Die arme "Record"-Taste auf meinem damaligen Radiorecorder 😉.
 
Zuletzt bearbeitet:
Ich war auch lange ein Kassettenkind. Lag daran, weil wir nicht viel Geld für LPs hatten, CDs erst im Anfangsstadium waren und so die Kassette ein hervorragendes und günstiges Medium war, auf dem man Musik abspielen und erhalten konnte.

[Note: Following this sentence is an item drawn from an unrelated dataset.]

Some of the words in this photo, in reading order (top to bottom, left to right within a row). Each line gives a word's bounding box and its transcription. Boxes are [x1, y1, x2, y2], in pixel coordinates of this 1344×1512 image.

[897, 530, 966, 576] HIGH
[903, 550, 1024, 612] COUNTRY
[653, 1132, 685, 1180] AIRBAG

Bis 1986 habe ich Kassetten lediglich gehört. Meist waren dies Hörspiele oder gekaufte Kassetten Marke Formel 1 und andere, wobei letztere deutlich in der Minderheit waren (meist bekamen wir sie geschenkt, wir hatten nicht viel Geld). Dann holte mein Vater zwei Kassettenrekorder aus der Mottenkiste. Erst sein altes Gerät, welches aber nicht mehr funktionstüchtig war, dann das Gerät meiner Ma, ein alter Universum Baujahr 1973, welchen sie zu ihrem Geburtstag erworben hatte. Nachdem diverse Reparaturarbeiten durchgeführt waren (es wurde u. a. eine Autoradioantenne als Hilfe eingebaut, die Teleskopantenne war abgebrochen) war das Gerät wieder funktionstüchtig. Das erste abgespielte Lied war das orchestralische Ende von "Little Does She Know" von den Kursaal Flyers (ich bekomme heute noch Gänsehaut, wenn ich die Stelle höre).

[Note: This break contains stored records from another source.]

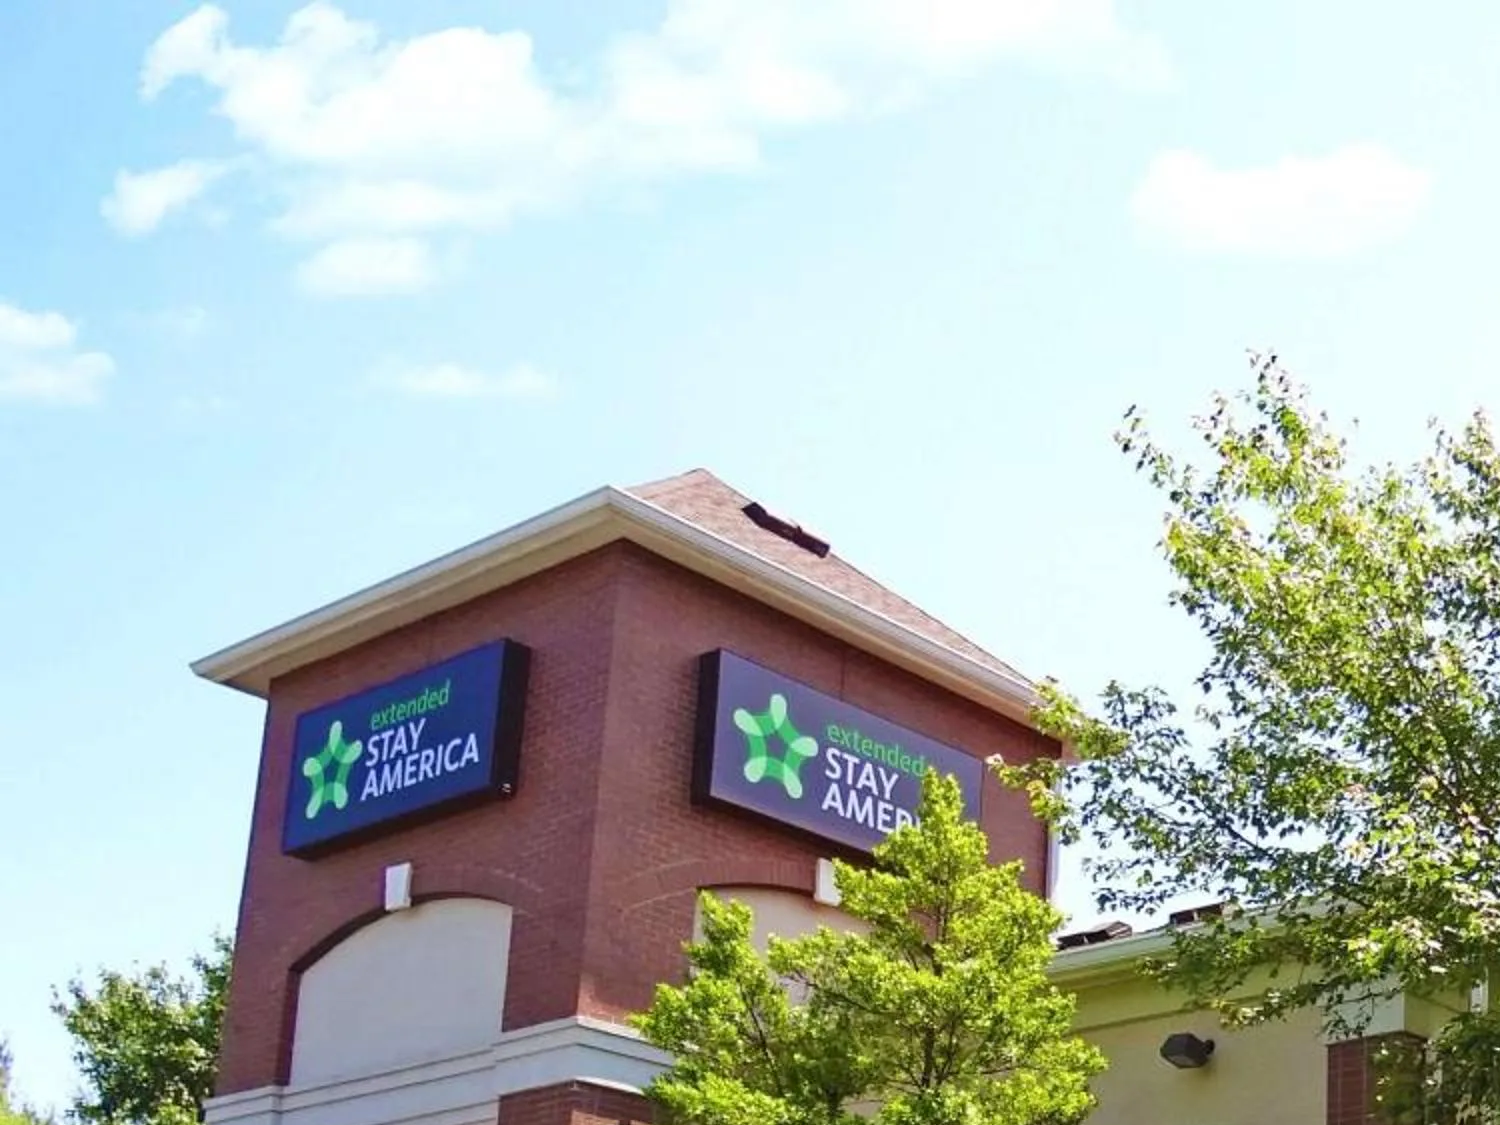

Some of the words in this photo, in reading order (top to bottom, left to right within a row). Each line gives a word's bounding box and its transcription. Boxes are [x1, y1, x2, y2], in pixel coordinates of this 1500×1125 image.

[370, 678, 451, 730] extended
[360, 733, 480, 801] AMERICA
[365, 718, 426, 767] STAY
[827, 724, 926, 777] extended
[824, 747, 899, 801] STAY

Ich habe dann eine C60 zunächst mit Gesprächen von meiner Ma und mir aufgenommen, später habe meine ersten Radioaufnahmen damit gemacht und wollte die alten "überspielen" (ist noch erkennbar, da der Ton- bzw. Löschkopf verschmutzt und somit die alte Aufnahme nicht vollständig weg war, die Stimmen sind noch erkennbar). Folgende Titel waren auf der ersten Seite der Cassette (aufgenommen von WDR 2):

Bryan Ferry - Don't Stop The Dance (die kurze Video-Version, nicht die, welche später im Radio gespielt wurde)
Steinwolke - Katherine, Katherine
Falco - Junge Römer
Nick Kamen - Each Time You Break My Heart
Eurythmics - Miracle Of Love
Jerome - 13 Bilder
The Dream Academy - Life In A Northern Town
Medicine Head - One And One Is One (diese Aufnahme kam von BFBS samt "Reinsprecher")
Gilbert Montagne - Bienvenue

Im Sommer 1987 lernte ich dann Radio 3, heute 3FM, kennen und lieben (bis heute, auch wenn er ziemlich nachließ, aber immer noch Songs abseits des Mainstreams spielt). Er war in Vreden (Kreis Borken) über die 96.2 besser zu empfangen als der WDR und damals revolutionär, da er sehr hitorientiert war, aber auch Mut hatte, andere Songs zu spielen (lag wohl auch an der horizontalen Programmierung - jeden Tag eine andere Anstalt, aber das ist ein Thema für sich). Ich habe bis zu meinem achten Lebensjahr (Sommer 1988) dreißig Cassetten selbst bespielt, meist wie Habakukk nur mit Musik, aber es gab auch moderierte Strecken, die ich mitgeschnitten habe. So konnte ich in einer "Verukkelijke 15" (juryermittelte Hitparade) die Stimme von Rob Stenders und die Ausgabe ("27 oktober 1987") erkennen. Die Cassetten habe ich alle noch, auch das Gerät, welches dieses Jahr 50 Jahre alt wird. Ich glaube, ich muss dem Gerät eine Generalüberholung unterziehen, damit es zum Geburtstag fit ist. :)
 
Zuletzt bearbeitet:
Das erste Lied das ich damals (1973) auf eine C60 Cassette gebannt hatte, war nichts geringeres als "Wig Wam Bam" von "The Sweet". Manche Sachen sind unvergessen!